[Free-text object descriptions]
>>>

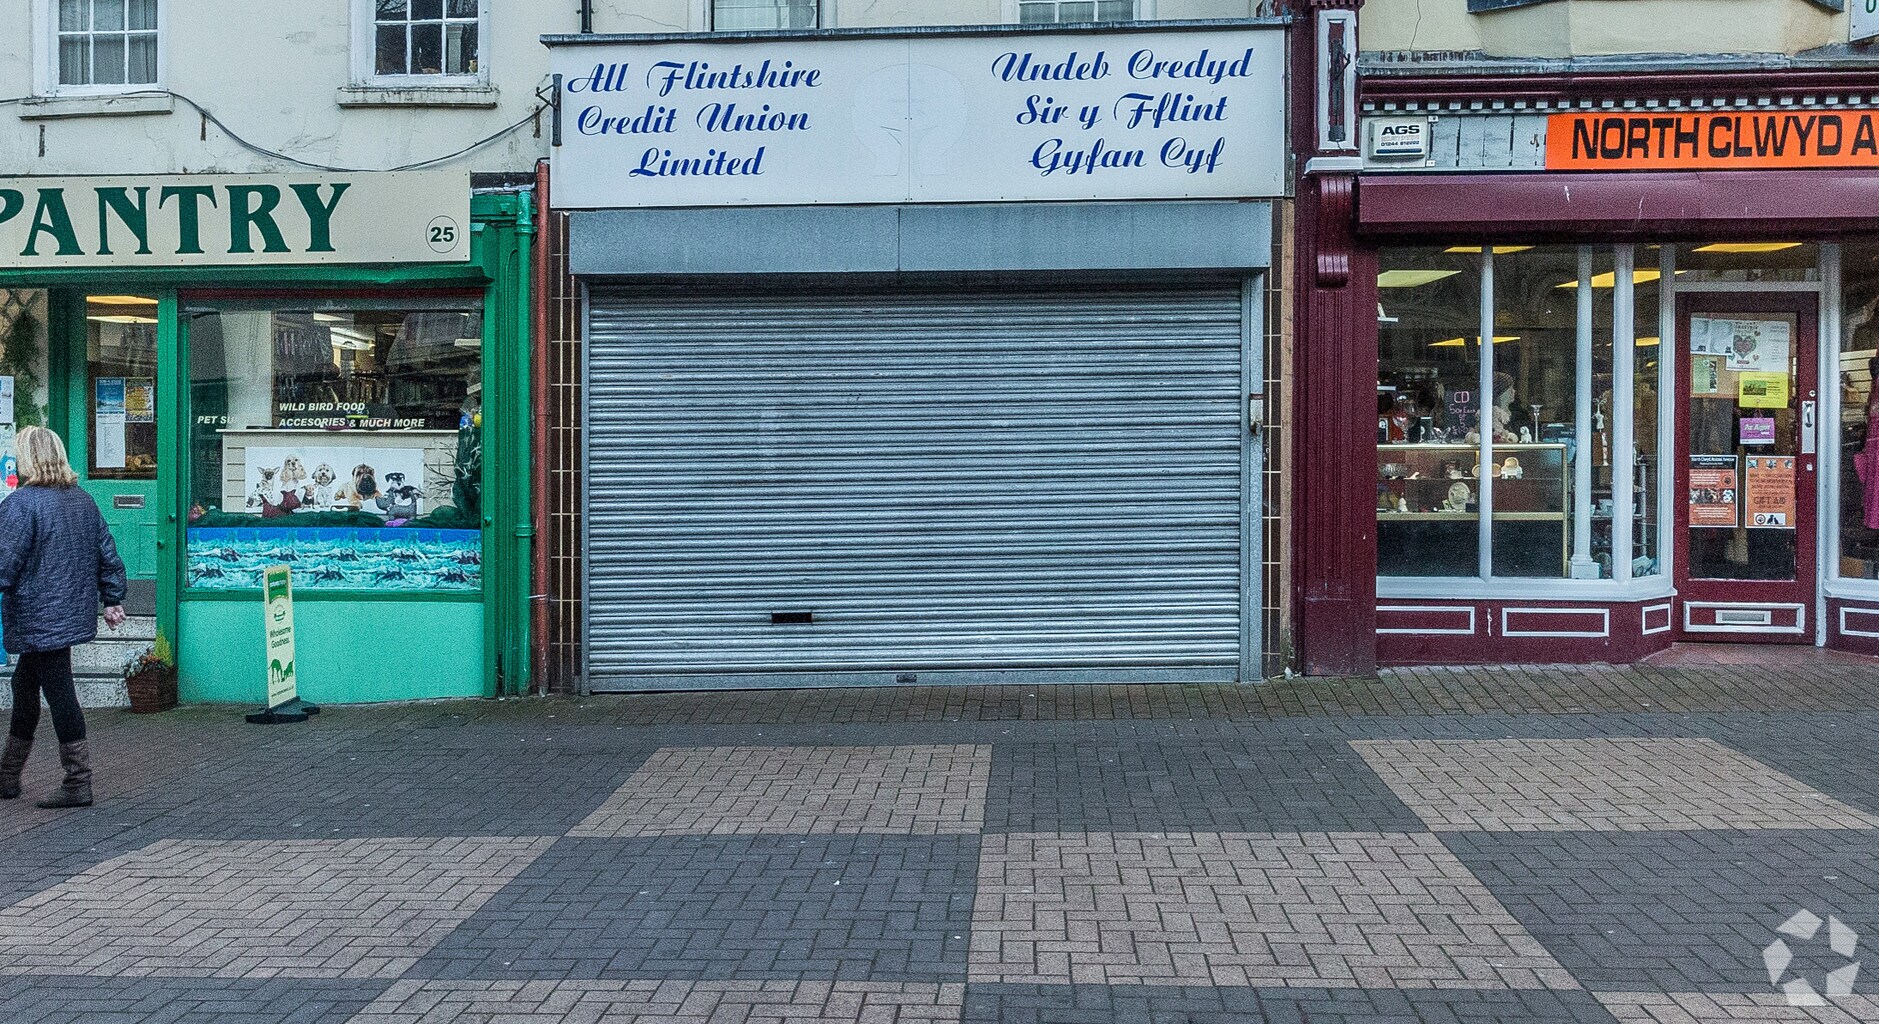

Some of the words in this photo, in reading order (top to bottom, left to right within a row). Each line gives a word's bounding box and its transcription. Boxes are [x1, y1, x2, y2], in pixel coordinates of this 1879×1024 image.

[567, 63, 629, 93] All
[646, 59, 823, 97] Flintshire
[991, 51, 1111, 82] Undeb
[1127, 48, 1254, 85] Credyd
[577, 105, 678, 136] Credit
[696, 102, 812, 133] Union
[1016, 95, 1069, 125] Sir
[1079, 105, 1102, 130] y
[1113, 92, 1229, 129] Fflint
[1381, 125, 1420, 135] AGS
[1571, 117, 1700, 159] NORTH
[1708, 114, 1842, 158] CLWYD
[1851, 114, 1878, 155] A
[629, 145, 766, 178] Limited
[1028, 138, 1146, 177] Gyfan
[1160, 137, 1225, 174] Cyf
[430, 226, 455, 243] 25
[279, 402, 306, 411] WILD
[308, 402, 334, 411] BIRD
[336, 401, 365, 411] FOOD
[1453, 390, 1470, 404] CD
[197, 415, 218, 424] PET
[279, 417, 346, 427] ACCESORIES
[348, 419, 356, 427] &
[359, 419, 392, 427] MUCH
[393, 418, 425, 427] MORE
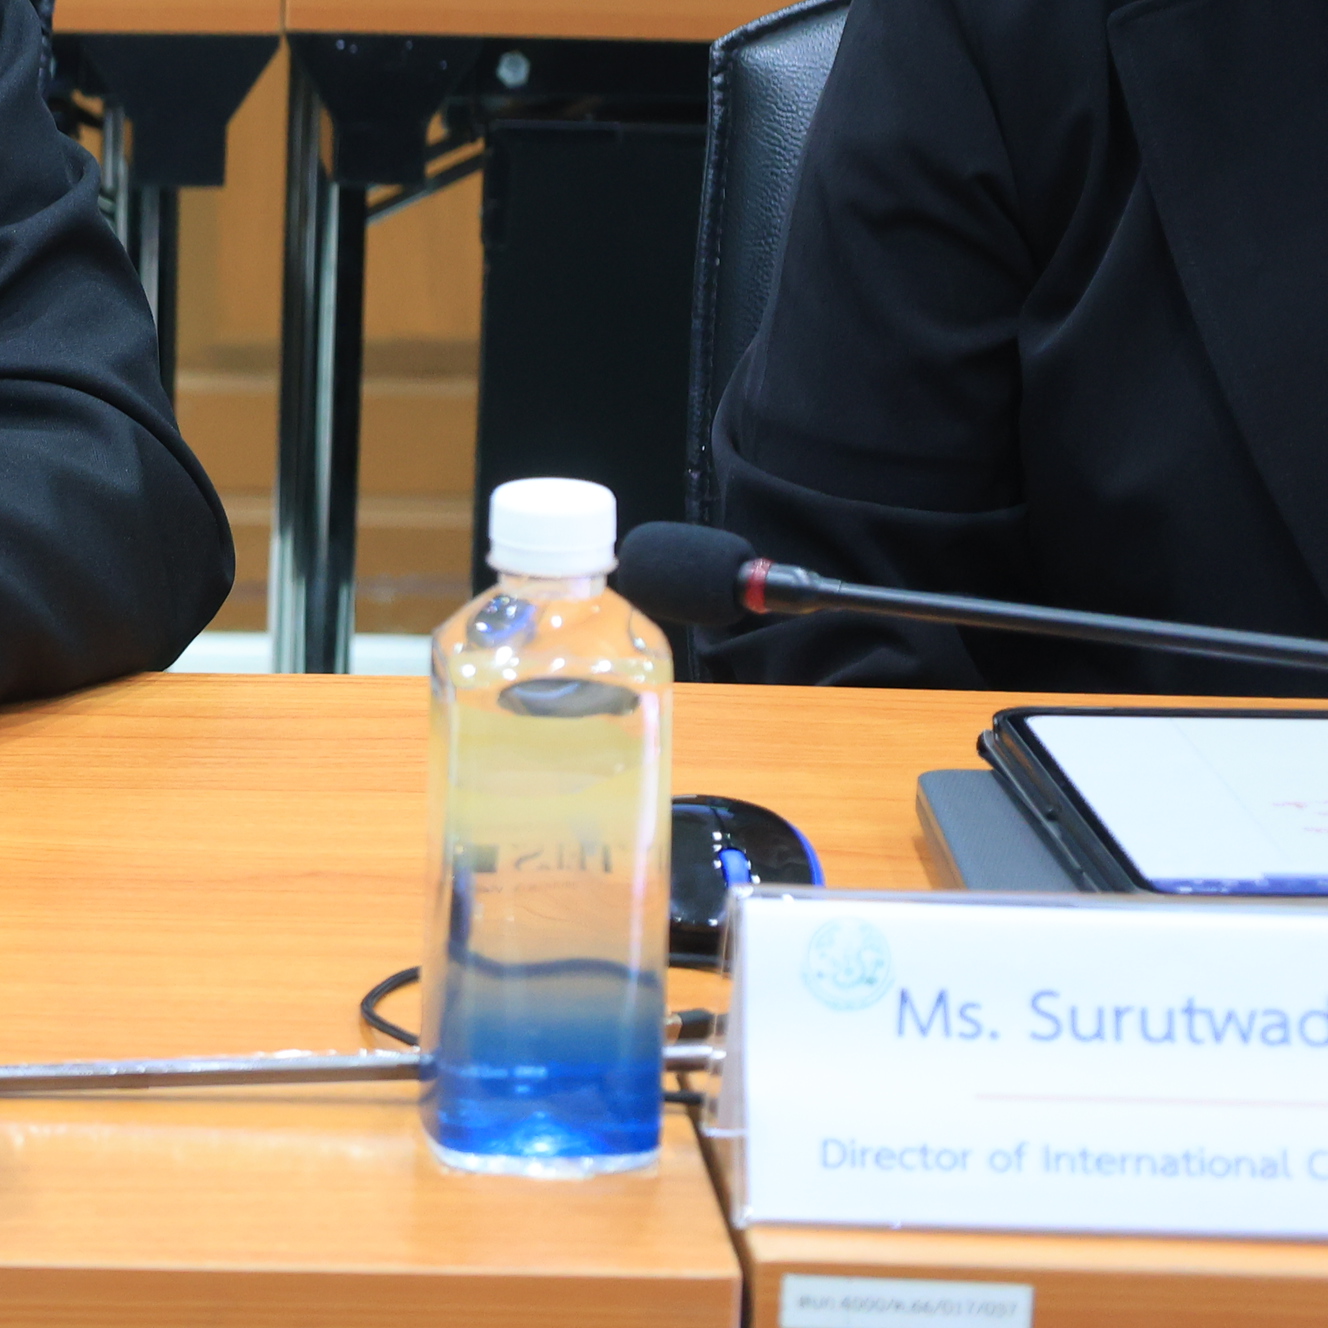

<<<

• **Task goal**
Every record above must be printed exactly, except for its images.

• **Task response**
Some of the words in this photo, in reading order (top to bottom, left to right within a row). Each line gives a word's bounding box and its transcription. Boxes are [x1, y1, x2, y2], in pixel coordinates of this 1879×1024 image.

[567, 63, 629, 93] All
[646, 59, 823, 97] Flintshire
[991, 51, 1111, 82] Undeb
[1127, 48, 1254, 85] Credyd
[577, 105, 678, 136] Credit
[696, 102, 812, 133] Union
[1016, 95, 1069, 125] Sir
[1079, 105, 1102, 130] y
[1113, 92, 1229, 129] Fflint
[1381, 125, 1420, 135] AGS
[1571, 117, 1700, 159] NORTH
[1708, 114, 1842, 158] CLWYD
[1851, 114, 1878, 155] A
[629, 145, 766, 178] Limited
[1028, 138, 1146, 177] Gyfan
[1160, 137, 1225, 174] Cyf
[430, 226, 455, 243] 25
[279, 402, 306, 411] WILD
[308, 402, 334, 411] BIRD
[336, 401, 365, 411] FOOD
[1453, 390, 1470, 404] CD
[197, 415, 218, 424] PET
[279, 417, 346, 427] ACCESORIES
[348, 419, 356, 427] &
[359, 419, 392, 427] MUCH
[393, 418, 425, 427] MORE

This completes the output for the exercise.